4. Storage arrangement according to one of claims 1 to 3, characterized in that the oscillating element is formed by a piezoelectric element (11) for generating ultrasonic vibrations, which is excited by an electronic drive unit to vibrate.

5. Storage arrangement according to one of claims 1 to 4, characterized in that the friction element (08) is annular.

6. Storage arrangement according to one of claims 1 to 5, characterized in that between the bearing rings (01, 02) rolling elements (03) are arranged.

7. Storage arrangement according to claim 6, characterized in that the rolling elements are formed by balls (03) and the Lagerungsan- order is designed as a four-point ball bearing.

8. Storage arrangement according to claim 6, characterized in that the rolling elements are formed by tapered rollers, which are braced within the bearing rings (01, 02).

9. Storage arrangement according to one of claims 1 to 8, characterized αe- indicates that the first bearing ring by a bearing outer ring

(01) is formed and the second bearing ring by a bearing inner ring

(02) is formed.

10. Storage arrangement according to claim 9, characterized in that the annular cavity (06) within a spacer sleeve (04) is formed, which is arranged on an end face of the bearing outer ring (01) and extends it axially, wherein the bearing inner ring (02) extends over the axial length of the bearing outer ring (01) and the spacer sleeve (04).

11. Storage arrangement according to claim 10, characterized in that the oscillating element (11) is annular and on which the

Distance sleeve (04) bearing end face of the bearing outer ring (01) is arranged.
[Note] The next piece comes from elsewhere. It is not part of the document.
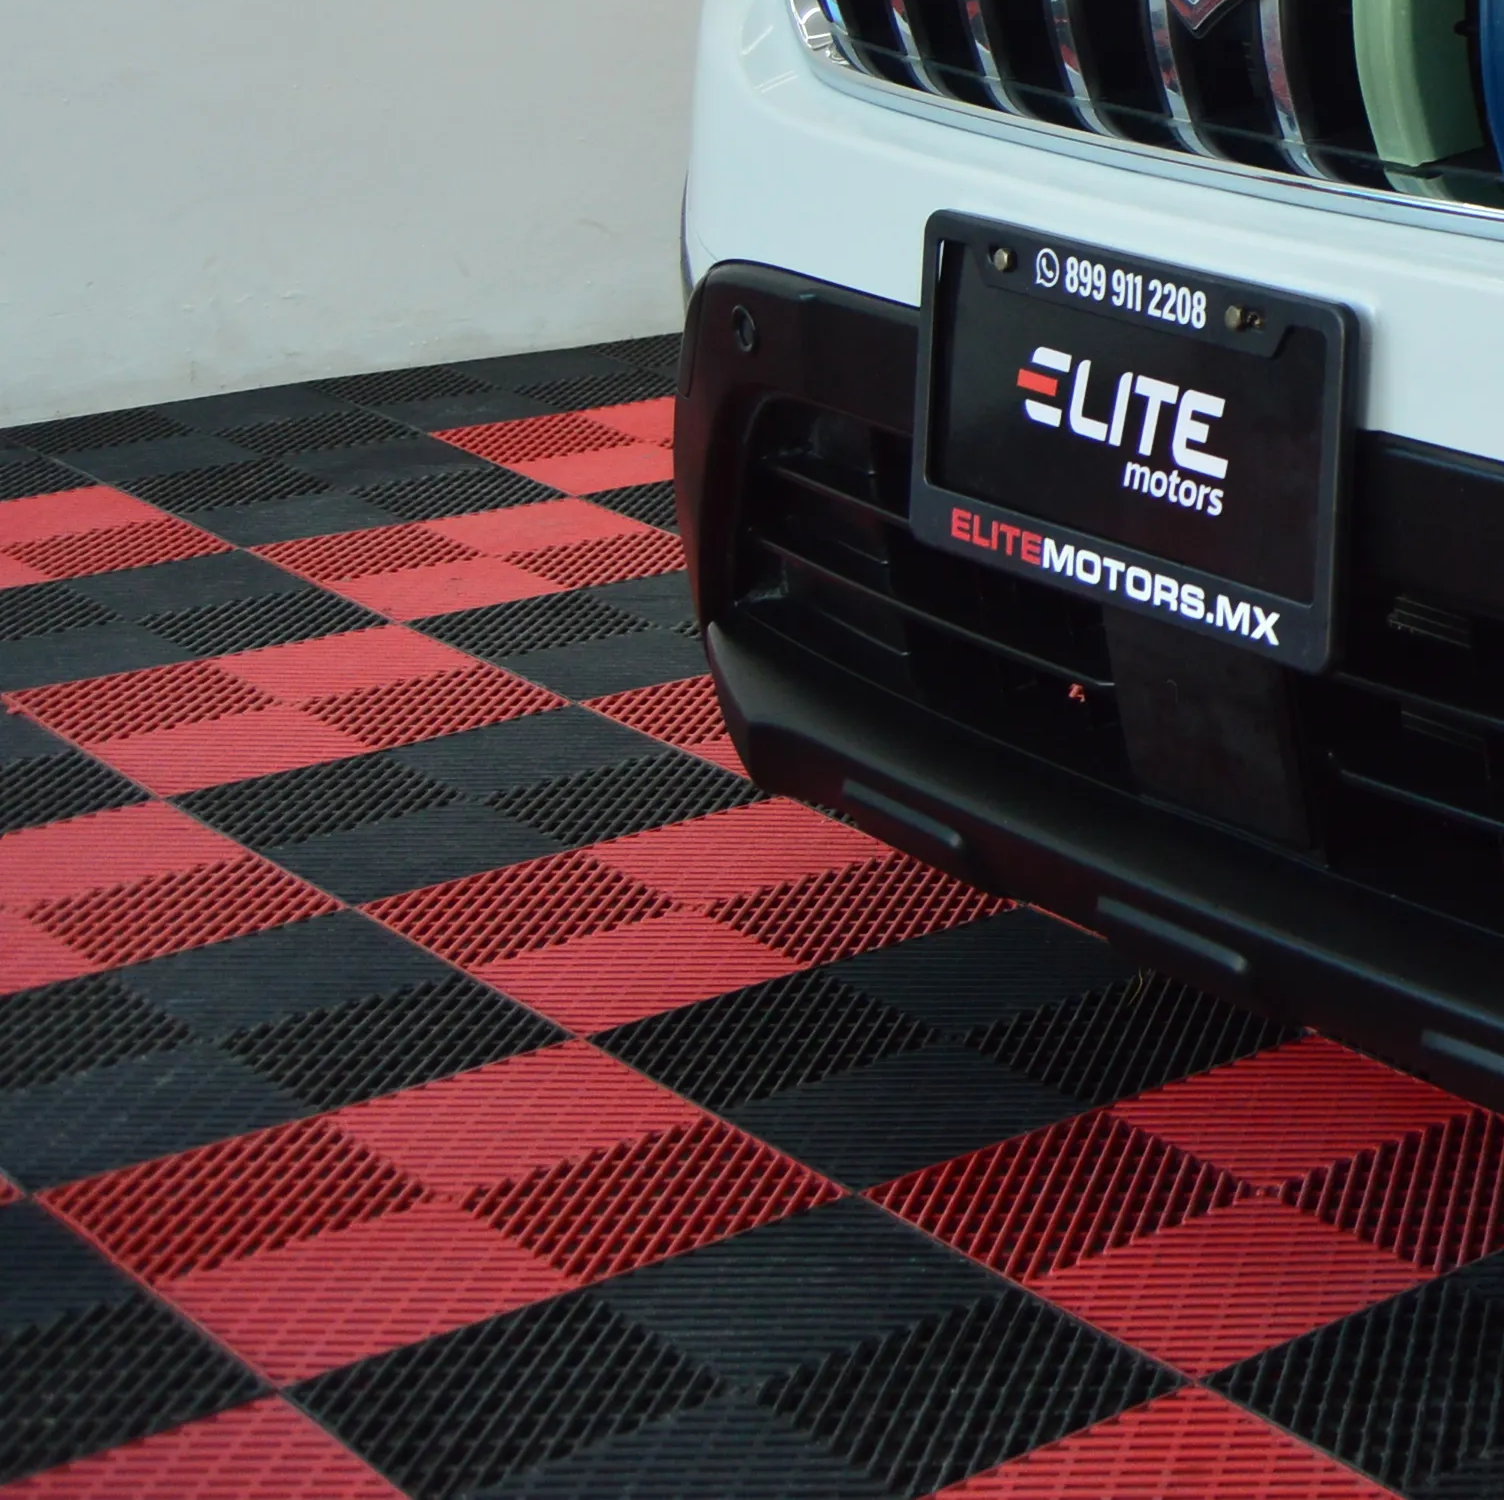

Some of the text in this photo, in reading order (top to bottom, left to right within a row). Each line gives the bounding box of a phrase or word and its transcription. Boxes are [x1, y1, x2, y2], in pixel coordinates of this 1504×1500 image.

[1065, 256, 1207, 329] 899 911 2208
[1017, 346, 1228, 479] ELITE
[1123, 461, 1224, 516] motors
[951, 508, 1280, 646] ELITEMOTORS.MX
12. Storage arrangement according to claim 10 or 11, characterized in that the friction element (08) is fixed to the se within the Distanzhül- (04) axially extending part of the bearing inner ring (02).
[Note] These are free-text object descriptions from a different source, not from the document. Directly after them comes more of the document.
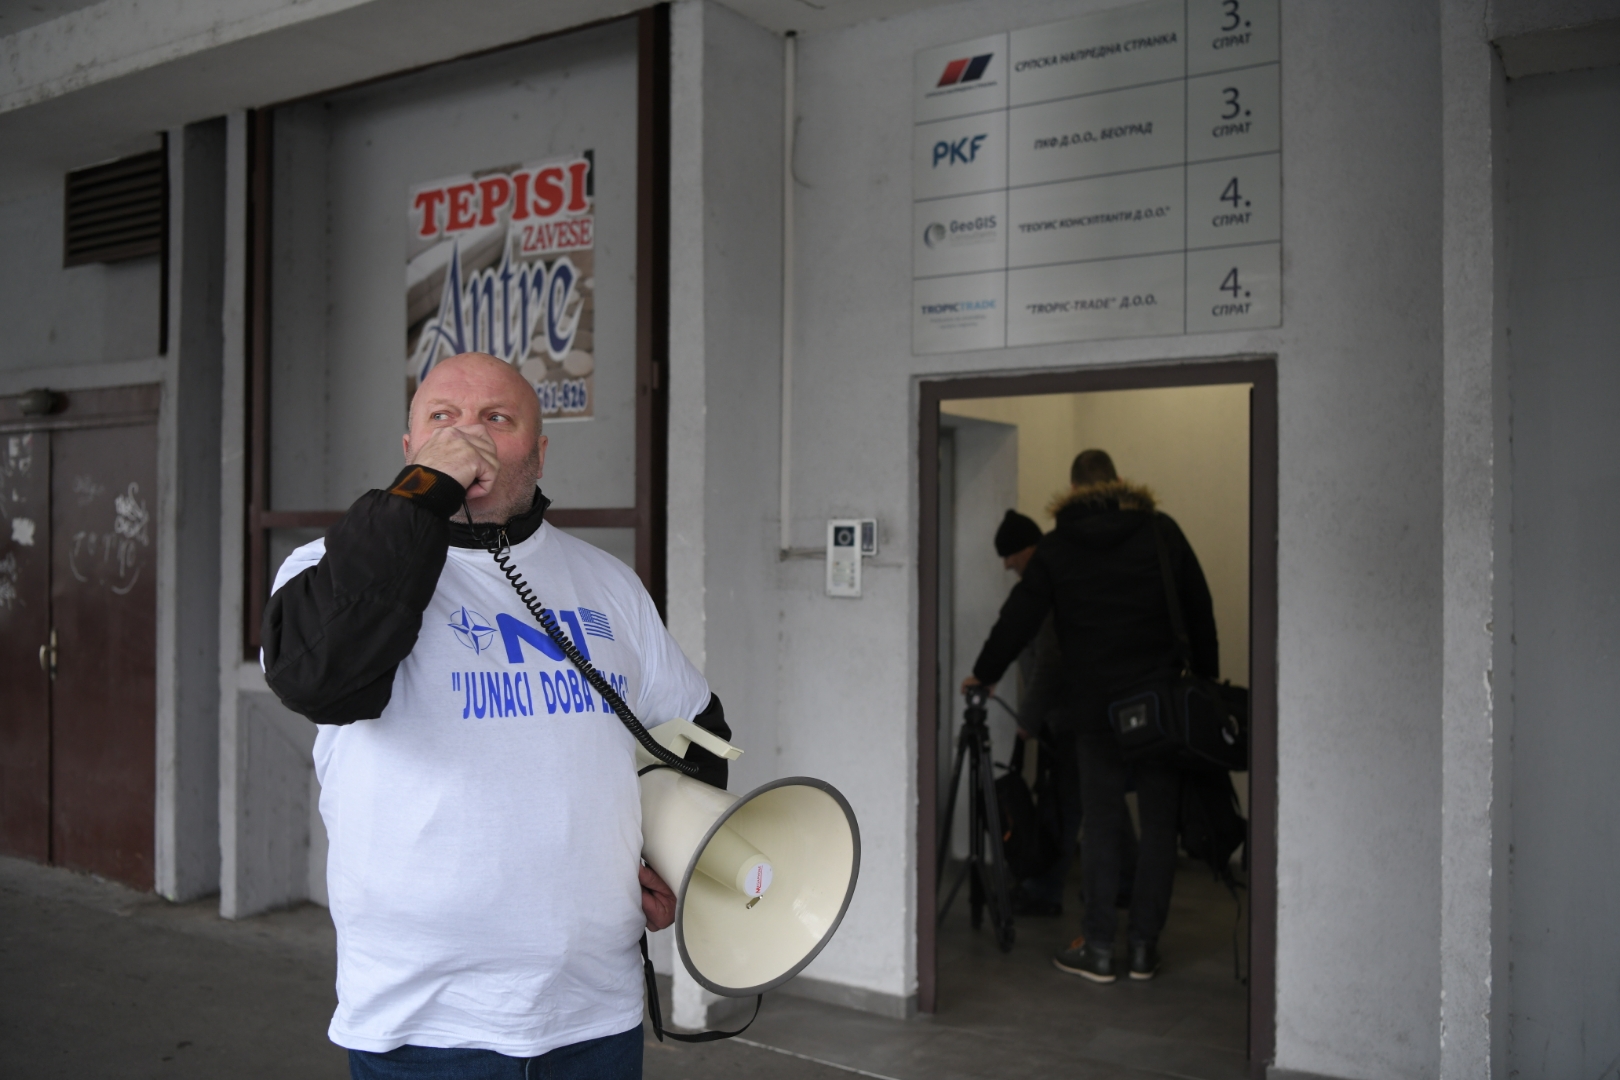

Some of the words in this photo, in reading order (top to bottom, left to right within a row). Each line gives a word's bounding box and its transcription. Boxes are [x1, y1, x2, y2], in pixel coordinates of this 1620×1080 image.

[1220, 0, 1252, 32] 3.
[1014, 54, 1058, 73] СРПСКА
[1059, 42, 1122, 64] НАПРЕДНА
[1123, 32, 1178, 53] СТРАНКА
[1212, 32, 1253, 51] СПРАТ
[1220, 87, 1252, 120] 3.
[1033, 137, 1058, 150] ПКФ
[1100, 121, 1154, 140] БЕОГРАД
[1212, 121, 1253, 139] СПРАТ
[932, 133, 989, 169] PKF
[413, 161, 589, 237] TEPISI
[1219, 176, 1252, 209] 4.
[522, 218, 592, 252] ZAVESE
[949, 214, 998, 234] GeoGIS
[1212, 212, 1253, 228] СПРАТ
[1219, 266, 1252, 299] 4.
[420, 238, 576, 382] Antre
[1212, 302, 1253, 318] СПРАТ
[495, 608, 592, 664] N1
[451, 671, 534, 720] "JUNACI
[539, 669, 595, 715] DOBA
13. Storage arrangement according to one of claims 10 to 12, characterized in that the operative contact between the friction element (08) and the oscillating element (11) forming the contact surface (09) is aligned obliquely relative to the axis of the bearing assembly.

14. Storage arrangement according to one of claims 1 to 13, characterized in that the cavity (06) relative to the running surfaces of the bearing rings (01, 02) is sealed with a seal (07).

15. A storage arrangement according to claim 3 or a claim on this rückbe- retracted, characterized in that the spring element by an annular wave spring (12) is formed.